Ashmore's assets under management grew to $60.4 billion as of Dec. 31, up from $26.8 billion five years prior. In 2006, 68% of the firm's AUM was in hard-currency emerging markets debt strategies. Since then, Ashmore has expanded into corporate bonds, alternatives, cash and multistrategy offerings. Hard currency in 2011 made up about 22% of AUM.
Growth at emerging markets debt manager Stone Harbor Investment Partners has been brisk. The firm gained $37.3 billion in the three years ended April 30, 80% of which was in emerging markets debt. Total assets were $49.1 billion as of April 30.
James E. Craige, a partner at Stone Harbor in New York, said higher-fee emerging markets strategies aren't always more profitable. “The fees are marginally higher but the (operating investments) are higher, too,” Mr.
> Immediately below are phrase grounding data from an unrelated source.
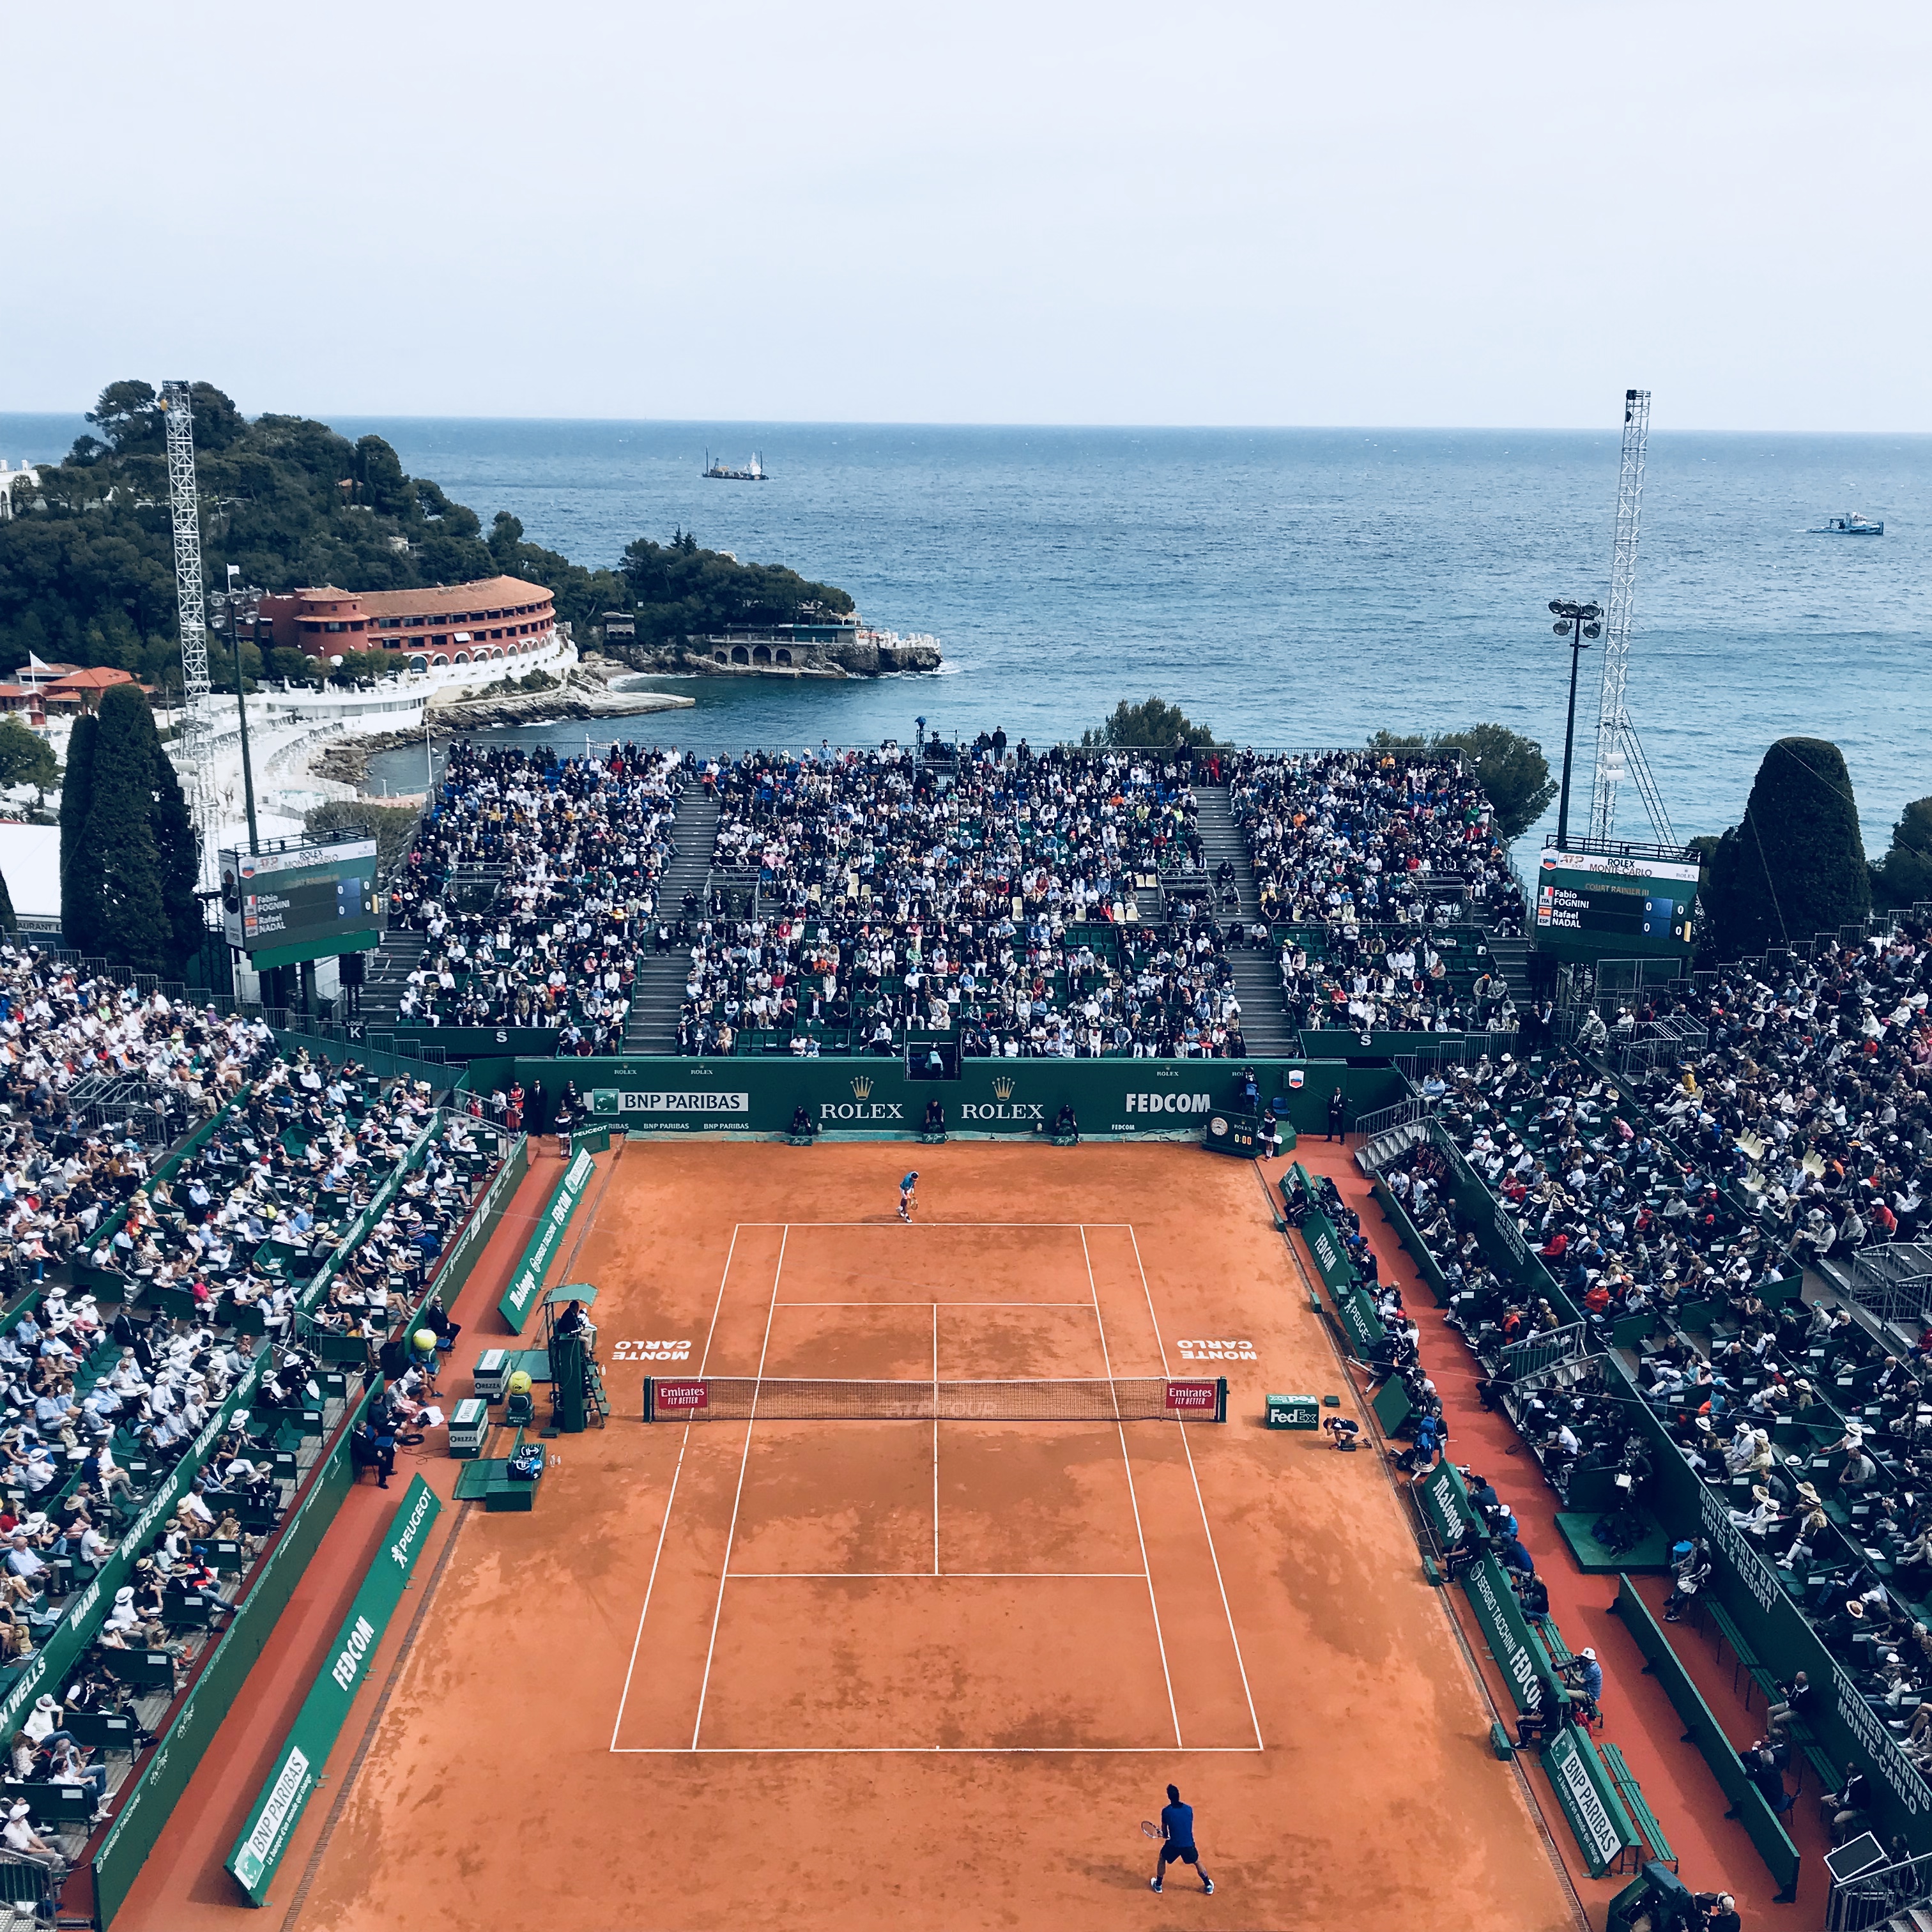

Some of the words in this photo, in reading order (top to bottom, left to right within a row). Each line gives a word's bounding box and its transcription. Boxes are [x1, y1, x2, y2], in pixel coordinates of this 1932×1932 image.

[300, 849, 323, 860] ROLEX
[1560, 855, 1584, 864] ATP
[1590, 863, 1652, 877] MONTE-CARLO
[1607, 858, 1635, 868] ROLEX
[1554, 889, 1577, 899] Fabio
[1585, 883, 1609, 893] COURT
[1611, 886, 1641, 895] RAINIER
[257, 894, 279, 904] Fabio
[257, 900, 290, 912] FOGNINI
[1554, 898, 1590, 908] FOGNINI
[1552, 910, 1579, 919] Rafael
[1645, 901, 1652, 911] 0
[1677, 905, 1684, 914] 0
[259, 922, 286, 933] NADAL
[1552, 918, 1581, 928] NADAL
[1644, 923, 1650, 932] 0
[1675, 926, 1682, 935] 0
[496, 1031, 507, 1043] S
[1360, 1034, 1372, 1046] S
[625, 1094, 661, 1108] BNP
[666, 1094, 740, 1109] PARIBAS
[1126, 1093, 1211, 1113] FEDCOM
[820, 1103, 904, 1119] ROLEX
[961, 1104, 1045, 1119] ROLEX
[572, 1124, 608, 1138] PEUGEOT
[1234, 1124, 1252, 1132] ROLEX
[1234, 1133, 1252, 1145] 0:00
[551, 1190, 573, 1225] FEDCOM
[1494, 1217, 1524, 1266] MONTE-CARLO
[1314, 1232, 1337, 1273] FEDCOM
[509, 1269, 537, 1311] Malongo
[1350, 1305, 1370, 1342] PEUGE
[615, 1340, 693, 1350] CARLO
[1177, 1340, 1254, 1349] CARLO
[611, 1351, 690, 1361] MONTE
[1181, 1350, 1257, 1360] MONTE
[238, 1366, 257, 1399] ROME
[660, 1386, 705, 1398] Emirates
[1169, 1387, 1213, 1399] Emirates
[667, 1397, 678, 1405] FLY
[678, 1397, 699, 1405] BETTER
[1174, 1397, 1186, 1405] FLY
[1186, 1397, 1206, 1405] BETTER
[1269, 1395, 1317, 1404] FedEx
[1270, 1409, 1317, 1423] FedEx
[194, 1412, 224, 1458] MADRID
[1432, 1475, 1465, 1539] Malongo
[121, 1475, 179, 1560] MONTE-CARLO
[400, 1487, 432, 1552] PEUGEOT
[1699, 1485, 1757, 1575] MONTE-CARLO
[1759, 1568, 1779, 1603] BAY
[1701, 1506, 1727, 1553] HOTEL
[1729, 1546, 1735, 1565] &
[1736, 1556, 1773, 1614] RESORT
[71, 1580, 100, 1631] MIAMI
[1476, 1575, 1496, 1611] SERGIO
[1492, 1606, 1517, 1654] TACCHINI
[332, 1615, 375, 1691] FEDCOM
[9, 1656, 47, 1715] WELLS
[1832, 1666, 1882, 1745] THERMES
[1884, 1738, 1930, 1812] MARINS
[1837, 1696, 1917, 1816] MONTE-CARLO
[252, 1816, 273, 1854] BNP
[268, 1757, 303, 1821] PARIBAS
[1565, 1756, 1586, 1788] BNP
[1579, 1786, 1616, 1853] PARIBAS
[1575, 1813, 1586, 1834] monde
[1583, 1832, 1591, 1844] qui
[1588, 1843, 1600, 1865] change
Craige said. “You need a larger infrastructure to manage emerging markets debt than perhaps for other asset classes.”
At quantitative equity firm Parametric Portfolio Associates, Seattle, emerging markets assets under management jumped nearly fivefold to $14 billion over the past five years, according to Paul Bouchey, managing director and head of research. The firm's overall AUM is $47.9 billion.
“There's no question” it's become a bigger part of Parametric's business as investor appetite has shifted in favor of emerging markets, Mr. Bouchey said. “It represents about a third of our assets but definitely more than half of our revenues.” The firm, which has run its structured emerging markets strategy for 16 years, has added staff to handle the growth, he said.
Last year it launched a second strategy, structured emerging markets core, which excludes frontier markets. A client unable to invest in frontier markets requested the strategy, and Parametric executives gladly assented because the main strategy was approaching its capacity limit of $18 billion.
Other managers have been adding frontier markets and small-cap emerging markets equity strategies as way of expanding outside of the mainstream.
For example, Acadian Asset Management LLC, which has had a frontier strategy since 2007 and an emerging markets one since 1993, last year created small-cap and managed volatility emerging markets equity strategies. Acadian manages $48 billion, of which $13 billion is in emerging markets.
“Our process works better in emerging markets, which are less efficient,” said Ross Dowd, senior vice president and head of global marketing and client service at Acadian in Boston. “Going beyond those core markets is an advantage to us.”